Phrasemes usually consist of more than one word. Longer parts of phrasemes are not structurally analyzed any longer, but they are collapsed into one common node with the functor DPHR. All nodes with this functor have nodetype=dphr.

Foreign-language nodes

These nodes represent foreign-language expressions. Unlike phrasemes, foreign expressions consisting of several tokens are not collapsed into one single t-node. Nevertheless, their syntactic structure is not analyzed. Each word of the foreign-language sequence gets its own t-node with the functor FPHR and these nodes become sisters. They get and their nodetype is also nodetype=fphr.
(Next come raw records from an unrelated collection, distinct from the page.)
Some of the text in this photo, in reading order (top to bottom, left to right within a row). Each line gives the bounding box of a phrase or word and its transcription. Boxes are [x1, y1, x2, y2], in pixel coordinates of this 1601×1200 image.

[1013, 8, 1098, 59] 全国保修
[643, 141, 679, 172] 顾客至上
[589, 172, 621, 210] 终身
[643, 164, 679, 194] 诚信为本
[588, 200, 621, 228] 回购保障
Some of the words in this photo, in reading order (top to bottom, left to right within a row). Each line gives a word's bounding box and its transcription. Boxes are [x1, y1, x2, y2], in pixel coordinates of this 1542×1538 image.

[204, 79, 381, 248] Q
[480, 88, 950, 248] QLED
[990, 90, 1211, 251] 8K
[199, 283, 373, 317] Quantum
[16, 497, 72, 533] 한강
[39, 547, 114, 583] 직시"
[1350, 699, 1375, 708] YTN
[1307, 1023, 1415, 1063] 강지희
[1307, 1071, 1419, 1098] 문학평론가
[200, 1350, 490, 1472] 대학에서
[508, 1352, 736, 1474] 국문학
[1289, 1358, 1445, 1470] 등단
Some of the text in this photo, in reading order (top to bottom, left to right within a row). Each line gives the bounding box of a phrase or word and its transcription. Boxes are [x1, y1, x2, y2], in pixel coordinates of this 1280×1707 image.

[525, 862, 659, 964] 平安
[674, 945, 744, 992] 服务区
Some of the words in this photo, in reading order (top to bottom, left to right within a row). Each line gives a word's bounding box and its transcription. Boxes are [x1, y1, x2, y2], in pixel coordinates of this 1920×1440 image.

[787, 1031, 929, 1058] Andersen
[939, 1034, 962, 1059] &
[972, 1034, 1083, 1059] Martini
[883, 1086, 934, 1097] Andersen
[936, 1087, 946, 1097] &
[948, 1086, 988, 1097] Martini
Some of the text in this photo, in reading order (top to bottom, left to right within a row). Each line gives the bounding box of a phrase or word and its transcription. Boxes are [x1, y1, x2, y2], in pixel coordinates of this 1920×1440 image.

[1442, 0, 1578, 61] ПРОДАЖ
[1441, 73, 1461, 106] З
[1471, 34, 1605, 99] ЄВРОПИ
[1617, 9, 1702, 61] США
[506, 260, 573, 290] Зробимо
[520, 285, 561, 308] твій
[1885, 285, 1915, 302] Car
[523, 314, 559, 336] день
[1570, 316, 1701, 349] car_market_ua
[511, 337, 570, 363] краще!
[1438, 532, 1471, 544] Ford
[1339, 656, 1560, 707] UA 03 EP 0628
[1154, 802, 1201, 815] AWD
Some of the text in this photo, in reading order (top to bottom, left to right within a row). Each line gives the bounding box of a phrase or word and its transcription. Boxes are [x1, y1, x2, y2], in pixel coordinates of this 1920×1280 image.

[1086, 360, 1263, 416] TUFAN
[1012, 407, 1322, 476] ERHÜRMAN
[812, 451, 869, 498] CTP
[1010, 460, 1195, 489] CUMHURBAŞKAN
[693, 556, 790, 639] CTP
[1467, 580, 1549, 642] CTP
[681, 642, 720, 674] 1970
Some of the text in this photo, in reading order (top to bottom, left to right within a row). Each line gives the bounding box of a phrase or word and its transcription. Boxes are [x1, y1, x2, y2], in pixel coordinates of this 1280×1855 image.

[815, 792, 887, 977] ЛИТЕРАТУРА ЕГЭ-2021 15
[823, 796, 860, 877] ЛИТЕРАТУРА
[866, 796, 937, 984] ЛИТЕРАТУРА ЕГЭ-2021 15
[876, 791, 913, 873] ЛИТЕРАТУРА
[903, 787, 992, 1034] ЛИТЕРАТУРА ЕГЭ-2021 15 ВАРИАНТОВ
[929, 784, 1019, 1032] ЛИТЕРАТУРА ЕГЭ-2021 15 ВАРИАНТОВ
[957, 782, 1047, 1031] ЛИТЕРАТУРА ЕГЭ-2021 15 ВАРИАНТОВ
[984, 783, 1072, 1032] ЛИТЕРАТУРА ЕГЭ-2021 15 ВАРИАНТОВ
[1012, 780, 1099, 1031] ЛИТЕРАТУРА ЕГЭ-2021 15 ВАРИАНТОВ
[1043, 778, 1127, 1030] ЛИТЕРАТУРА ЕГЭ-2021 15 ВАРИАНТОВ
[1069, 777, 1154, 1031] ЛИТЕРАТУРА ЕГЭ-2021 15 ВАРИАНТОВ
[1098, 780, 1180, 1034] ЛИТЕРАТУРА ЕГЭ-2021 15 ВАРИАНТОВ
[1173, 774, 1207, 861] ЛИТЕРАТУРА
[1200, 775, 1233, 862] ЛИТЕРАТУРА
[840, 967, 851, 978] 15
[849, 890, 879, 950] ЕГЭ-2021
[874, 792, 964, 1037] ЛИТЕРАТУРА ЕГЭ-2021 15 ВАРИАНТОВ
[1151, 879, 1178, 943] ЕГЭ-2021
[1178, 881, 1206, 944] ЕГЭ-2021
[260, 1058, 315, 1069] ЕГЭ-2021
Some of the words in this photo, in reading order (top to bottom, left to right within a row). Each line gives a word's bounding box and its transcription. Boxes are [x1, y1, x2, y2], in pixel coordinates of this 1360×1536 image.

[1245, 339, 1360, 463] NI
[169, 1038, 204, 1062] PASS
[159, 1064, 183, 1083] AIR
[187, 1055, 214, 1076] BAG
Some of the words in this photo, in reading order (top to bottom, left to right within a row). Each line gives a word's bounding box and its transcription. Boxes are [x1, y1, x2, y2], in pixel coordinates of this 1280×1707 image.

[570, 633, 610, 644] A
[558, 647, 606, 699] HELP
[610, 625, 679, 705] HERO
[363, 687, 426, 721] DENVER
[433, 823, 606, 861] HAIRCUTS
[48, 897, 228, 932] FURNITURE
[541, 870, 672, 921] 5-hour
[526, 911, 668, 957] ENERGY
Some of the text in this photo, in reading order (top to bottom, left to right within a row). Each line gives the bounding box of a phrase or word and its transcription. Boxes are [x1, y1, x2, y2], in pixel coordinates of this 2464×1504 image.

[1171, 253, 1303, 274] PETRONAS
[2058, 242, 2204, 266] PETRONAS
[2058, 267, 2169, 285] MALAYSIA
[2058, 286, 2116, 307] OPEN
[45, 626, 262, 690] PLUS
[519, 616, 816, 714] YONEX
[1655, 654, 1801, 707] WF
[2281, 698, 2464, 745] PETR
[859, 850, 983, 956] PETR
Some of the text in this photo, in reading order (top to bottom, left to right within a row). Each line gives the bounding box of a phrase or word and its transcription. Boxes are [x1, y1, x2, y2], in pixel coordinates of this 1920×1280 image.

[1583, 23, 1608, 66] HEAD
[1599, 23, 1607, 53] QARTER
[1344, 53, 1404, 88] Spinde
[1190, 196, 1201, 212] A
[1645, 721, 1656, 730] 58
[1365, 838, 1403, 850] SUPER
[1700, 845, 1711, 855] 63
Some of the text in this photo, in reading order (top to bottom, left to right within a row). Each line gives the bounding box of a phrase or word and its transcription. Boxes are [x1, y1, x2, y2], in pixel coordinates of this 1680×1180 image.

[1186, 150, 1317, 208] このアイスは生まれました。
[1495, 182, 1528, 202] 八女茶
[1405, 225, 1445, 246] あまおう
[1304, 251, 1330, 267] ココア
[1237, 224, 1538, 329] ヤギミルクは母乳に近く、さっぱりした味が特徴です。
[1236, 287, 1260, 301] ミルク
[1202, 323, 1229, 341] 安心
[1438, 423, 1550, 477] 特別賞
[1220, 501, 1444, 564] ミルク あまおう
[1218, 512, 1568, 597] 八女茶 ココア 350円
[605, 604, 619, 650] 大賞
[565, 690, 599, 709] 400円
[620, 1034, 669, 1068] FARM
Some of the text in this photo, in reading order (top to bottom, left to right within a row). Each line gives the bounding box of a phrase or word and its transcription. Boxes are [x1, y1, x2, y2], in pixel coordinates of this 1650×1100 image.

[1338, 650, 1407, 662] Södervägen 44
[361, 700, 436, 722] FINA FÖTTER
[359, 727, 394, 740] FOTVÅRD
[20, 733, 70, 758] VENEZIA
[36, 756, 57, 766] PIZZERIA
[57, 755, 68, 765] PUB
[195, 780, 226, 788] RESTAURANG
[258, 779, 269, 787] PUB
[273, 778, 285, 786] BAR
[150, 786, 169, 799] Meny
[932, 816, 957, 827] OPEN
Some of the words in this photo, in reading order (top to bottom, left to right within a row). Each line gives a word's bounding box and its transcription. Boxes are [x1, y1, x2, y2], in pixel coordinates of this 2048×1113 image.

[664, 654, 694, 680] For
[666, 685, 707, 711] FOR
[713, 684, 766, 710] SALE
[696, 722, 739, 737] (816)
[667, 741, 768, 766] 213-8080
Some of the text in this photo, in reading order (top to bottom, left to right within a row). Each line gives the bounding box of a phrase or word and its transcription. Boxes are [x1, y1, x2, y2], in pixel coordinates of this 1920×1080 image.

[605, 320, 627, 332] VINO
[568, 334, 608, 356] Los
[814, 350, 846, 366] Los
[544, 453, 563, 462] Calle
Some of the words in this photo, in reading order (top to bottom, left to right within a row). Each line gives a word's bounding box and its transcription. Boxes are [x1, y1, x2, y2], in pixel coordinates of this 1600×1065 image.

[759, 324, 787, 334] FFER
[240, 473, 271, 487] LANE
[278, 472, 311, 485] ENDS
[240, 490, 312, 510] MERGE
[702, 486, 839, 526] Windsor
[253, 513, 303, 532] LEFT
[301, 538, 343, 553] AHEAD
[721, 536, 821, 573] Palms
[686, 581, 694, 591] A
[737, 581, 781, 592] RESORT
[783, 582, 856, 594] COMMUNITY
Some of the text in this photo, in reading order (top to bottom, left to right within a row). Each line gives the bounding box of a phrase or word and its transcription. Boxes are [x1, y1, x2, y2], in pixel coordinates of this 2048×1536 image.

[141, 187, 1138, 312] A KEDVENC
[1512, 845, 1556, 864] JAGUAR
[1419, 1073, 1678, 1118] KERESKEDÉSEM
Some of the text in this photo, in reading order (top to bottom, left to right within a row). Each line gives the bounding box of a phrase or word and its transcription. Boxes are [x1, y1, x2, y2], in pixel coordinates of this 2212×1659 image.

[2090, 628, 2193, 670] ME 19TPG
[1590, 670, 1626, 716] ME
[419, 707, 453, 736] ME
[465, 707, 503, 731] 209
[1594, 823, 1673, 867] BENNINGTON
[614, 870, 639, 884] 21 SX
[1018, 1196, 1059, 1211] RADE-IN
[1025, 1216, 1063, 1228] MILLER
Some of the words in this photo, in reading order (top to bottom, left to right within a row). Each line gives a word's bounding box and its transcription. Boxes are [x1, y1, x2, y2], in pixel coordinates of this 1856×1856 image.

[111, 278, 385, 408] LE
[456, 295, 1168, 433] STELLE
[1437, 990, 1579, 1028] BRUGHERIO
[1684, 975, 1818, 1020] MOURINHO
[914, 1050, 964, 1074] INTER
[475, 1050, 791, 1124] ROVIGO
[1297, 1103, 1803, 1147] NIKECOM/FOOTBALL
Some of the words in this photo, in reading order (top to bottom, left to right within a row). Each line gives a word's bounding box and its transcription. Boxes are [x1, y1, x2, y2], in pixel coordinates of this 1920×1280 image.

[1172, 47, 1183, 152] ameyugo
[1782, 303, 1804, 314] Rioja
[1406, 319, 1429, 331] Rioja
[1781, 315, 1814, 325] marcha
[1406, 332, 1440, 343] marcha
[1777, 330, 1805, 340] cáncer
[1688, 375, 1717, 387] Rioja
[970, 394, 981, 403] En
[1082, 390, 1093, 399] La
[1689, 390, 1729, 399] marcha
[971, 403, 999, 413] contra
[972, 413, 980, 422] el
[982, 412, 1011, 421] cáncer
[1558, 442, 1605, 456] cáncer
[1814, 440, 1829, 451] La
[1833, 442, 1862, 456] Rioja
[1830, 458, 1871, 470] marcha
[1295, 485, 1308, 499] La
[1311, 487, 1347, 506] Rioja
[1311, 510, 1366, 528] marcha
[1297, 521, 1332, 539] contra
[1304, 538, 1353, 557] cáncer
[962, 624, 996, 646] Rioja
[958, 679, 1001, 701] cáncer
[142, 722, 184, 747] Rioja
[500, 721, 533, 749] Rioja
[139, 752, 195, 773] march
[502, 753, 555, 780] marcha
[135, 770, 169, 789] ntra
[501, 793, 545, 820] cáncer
The entire sequence is governed by a generated node with the t-lemma substitute #Forn.  See Figure 1.

List structure root nodes

Nodes of this type govern list structures and have either the t-lemma #Forn or #Idph.  These nodes have the nodetype nodetype=list.  While the nodes with the t-lemma #Forn govern foreign-language expressions (Figure 1), the nodes with the t-lemma #Idph always govern proper names ("identification structures") which are not governed by a generic descriptor (e.g. novel, song) and which are constituted by a paratactic phrase, a prepositional group, an adjective or adverb, or by a verb clause (Figure 2). The effective children of such a structure (i.e. when the coap nodes are ignored) get the functor ID. Modifiers of foreign-language expressions as well as of identification structures are also governed by the list-structure nodes with the t-lemmas #Forn and #Idph.

 

Figure 2

The technical root node

Each tree has one technical root node, which has nodetype=root. It stores the ID of the given tree. Like on the analytical layer, the tree ID encodes the language, the corpus, the layer and the number of the given sentence. It also has the attribute ord ("order"), whose value is always 0.